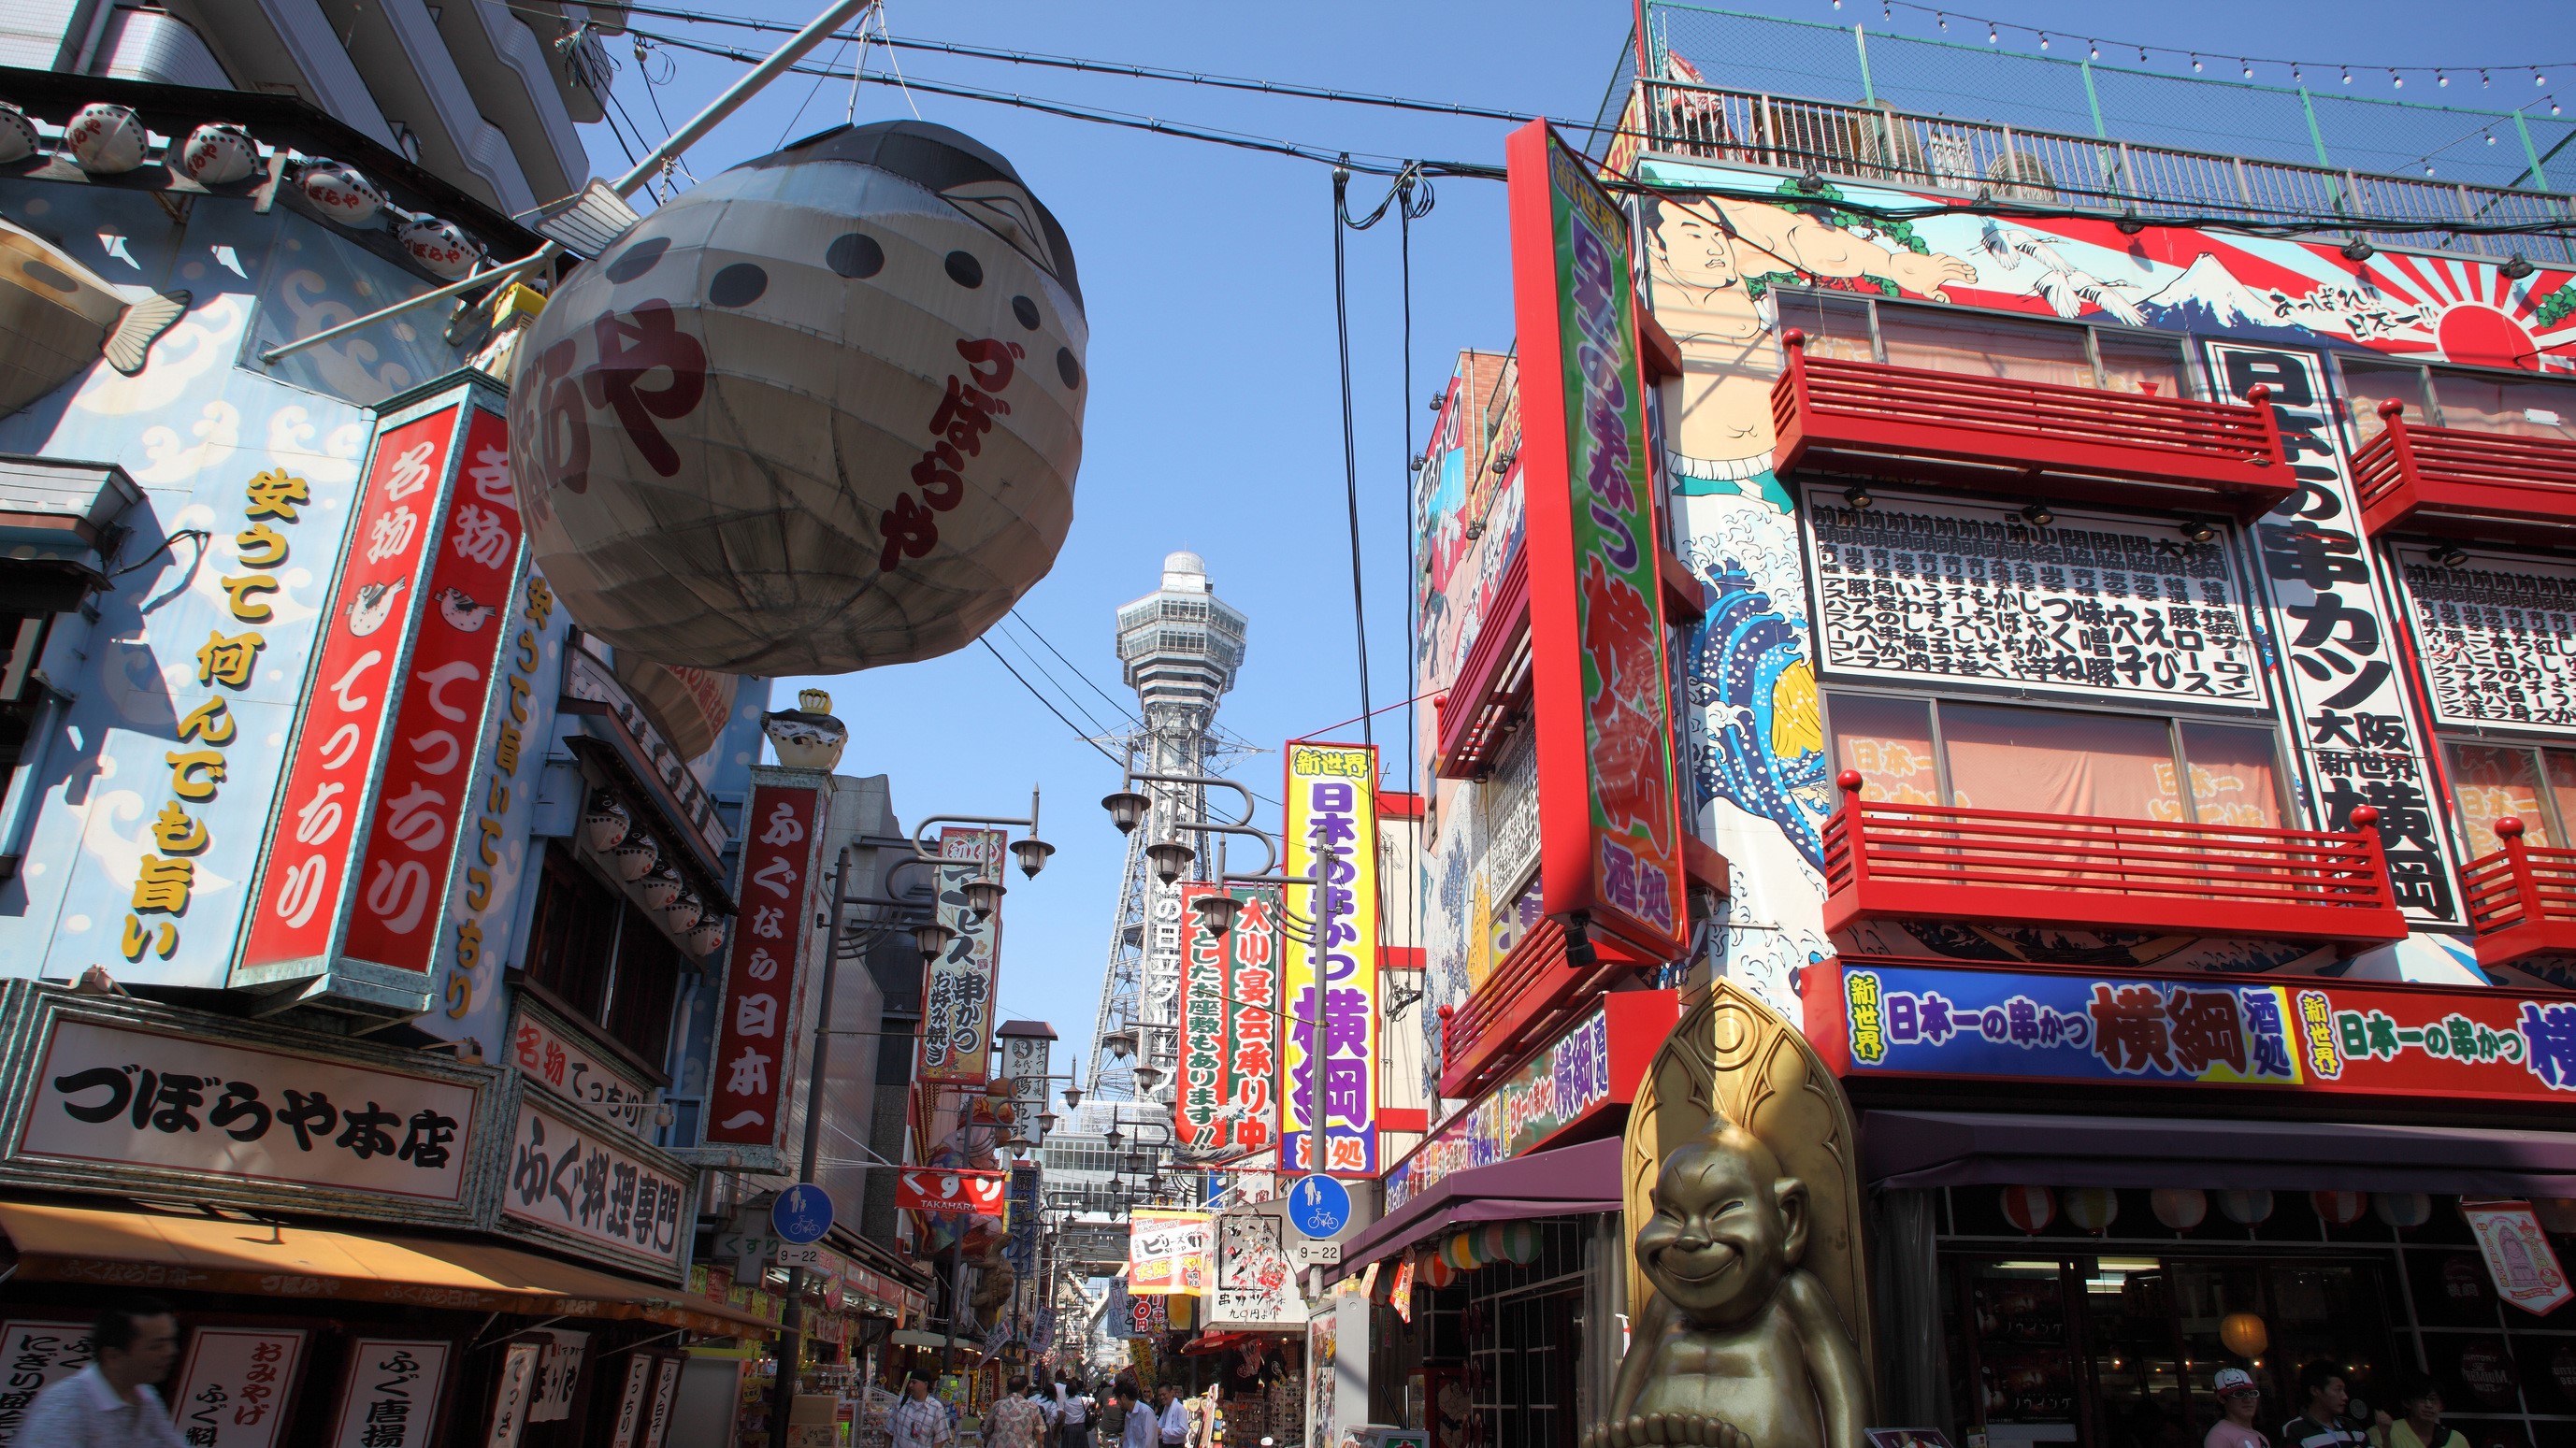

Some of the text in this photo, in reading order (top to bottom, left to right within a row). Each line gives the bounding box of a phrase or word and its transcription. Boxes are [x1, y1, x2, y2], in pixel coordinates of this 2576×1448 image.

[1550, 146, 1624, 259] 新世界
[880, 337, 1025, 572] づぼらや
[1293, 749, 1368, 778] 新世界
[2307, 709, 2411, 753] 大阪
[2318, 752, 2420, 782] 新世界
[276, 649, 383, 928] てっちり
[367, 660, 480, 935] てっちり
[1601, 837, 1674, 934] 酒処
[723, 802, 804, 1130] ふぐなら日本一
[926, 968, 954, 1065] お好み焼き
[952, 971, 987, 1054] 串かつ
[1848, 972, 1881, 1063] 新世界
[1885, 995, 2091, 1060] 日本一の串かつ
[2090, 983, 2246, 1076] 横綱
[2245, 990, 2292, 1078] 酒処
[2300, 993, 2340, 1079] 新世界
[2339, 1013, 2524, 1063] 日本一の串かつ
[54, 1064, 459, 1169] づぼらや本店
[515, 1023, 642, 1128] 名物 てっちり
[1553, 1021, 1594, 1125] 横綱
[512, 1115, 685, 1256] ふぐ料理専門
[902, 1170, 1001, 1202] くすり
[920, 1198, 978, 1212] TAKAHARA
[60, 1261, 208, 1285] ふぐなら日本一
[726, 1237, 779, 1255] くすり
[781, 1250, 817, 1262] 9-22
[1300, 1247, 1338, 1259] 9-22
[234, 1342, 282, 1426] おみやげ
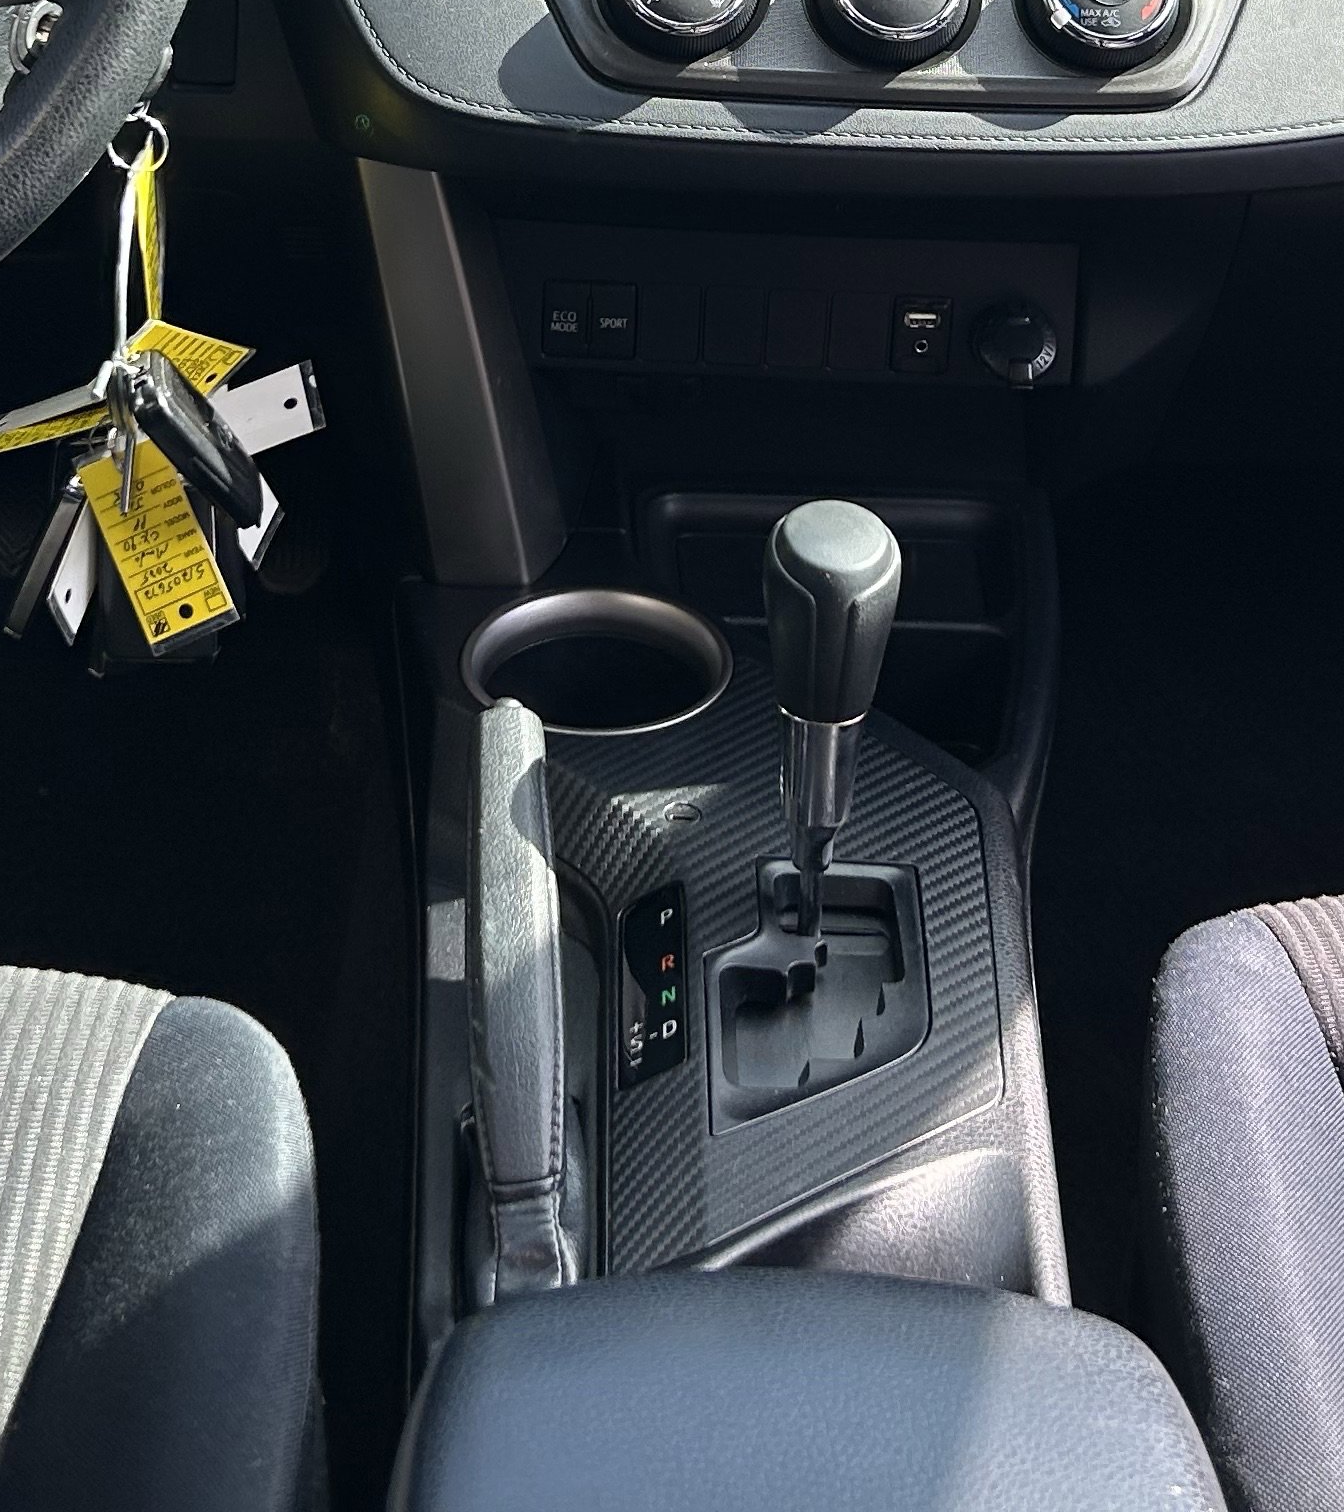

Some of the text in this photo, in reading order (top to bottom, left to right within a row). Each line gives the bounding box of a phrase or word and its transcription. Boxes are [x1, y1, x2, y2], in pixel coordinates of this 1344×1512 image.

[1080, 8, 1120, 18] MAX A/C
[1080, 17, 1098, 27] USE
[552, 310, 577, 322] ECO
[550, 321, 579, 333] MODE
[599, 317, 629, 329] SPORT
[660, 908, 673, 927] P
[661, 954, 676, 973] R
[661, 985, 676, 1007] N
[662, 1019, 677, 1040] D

= = = = = = =

• [Exercise directions]: None of the pictures should be reproduced; all other material above must be set down exactly.

• [Task result]:
Some of the text in this photo, in reading order (top to bottom, left to right within a row). Each line gives the bounding box of a phrase or word and its transcription. Boxes are [x1, y1, x2, y2], in pixel coordinates of this 2576×1448 image.

[1550, 146, 1624, 259] 新世界
[880, 337, 1025, 572] づぼらや
[1293, 749, 1368, 778] 新世界
[2307, 709, 2411, 753] 大阪
[2318, 752, 2420, 782] 新世界
[276, 649, 383, 928] てっちり
[367, 660, 480, 935] てっちり
[1601, 837, 1674, 934] 酒処
[723, 802, 804, 1130] ふぐなら日本一
[926, 968, 954, 1065] お好み焼き
[952, 971, 987, 1054] 串かつ
[1848, 972, 1881, 1063] 新世界
[1885, 995, 2091, 1060] 日本一の串かつ
[2090, 983, 2246, 1076] 横綱
[2245, 990, 2292, 1078] 酒処
[2300, 993, 2340, 1079] 新世界
[2339, 1013, 2524, 1063] 日本一の串かつ
[54, 1064, 459, 1169] づぼらや本店
[515, 1023, 642, 1128] 名物 てっちり
[1553, 1021, 1594, 1125] 横綱
[512, 1115, 685, 1256] ふぐ料理専門
[902, 1170, 1001, 1202] くすり
[920, 1198, 978, 1212] TAKAHARA
[60, 1261, 208, 1285] ふぐなら日本一
[726, 1237, 779, 1255] くすり
[781, 1250, 817, 1262] 9-22
[1300, 1247, 1338, 1259] 9-22
[234, 1342, 282, 1426] おみやげ

Some of the text in this photo, in reading order (top to bottom, left to right within a row). Each line gives the bounding box of a phrase or word and its transcription. Boxes are [x1, y1, x2, y2], in pixel coordinates of this 1344×1512 image.

[1080, 8, 1120, 18] MAX A/C
[1080, 17, 1098, 27] USE
[552, 310, 577, 322] ECO
[550, 321, 579, 333] MODE
[599, 317, 629, 329] SPORT
[660, 908, 673, 927] P
[661, 954, 676, 973] R
[661, 985, 676, 1007] N
[662, 1019, 677, 1040] D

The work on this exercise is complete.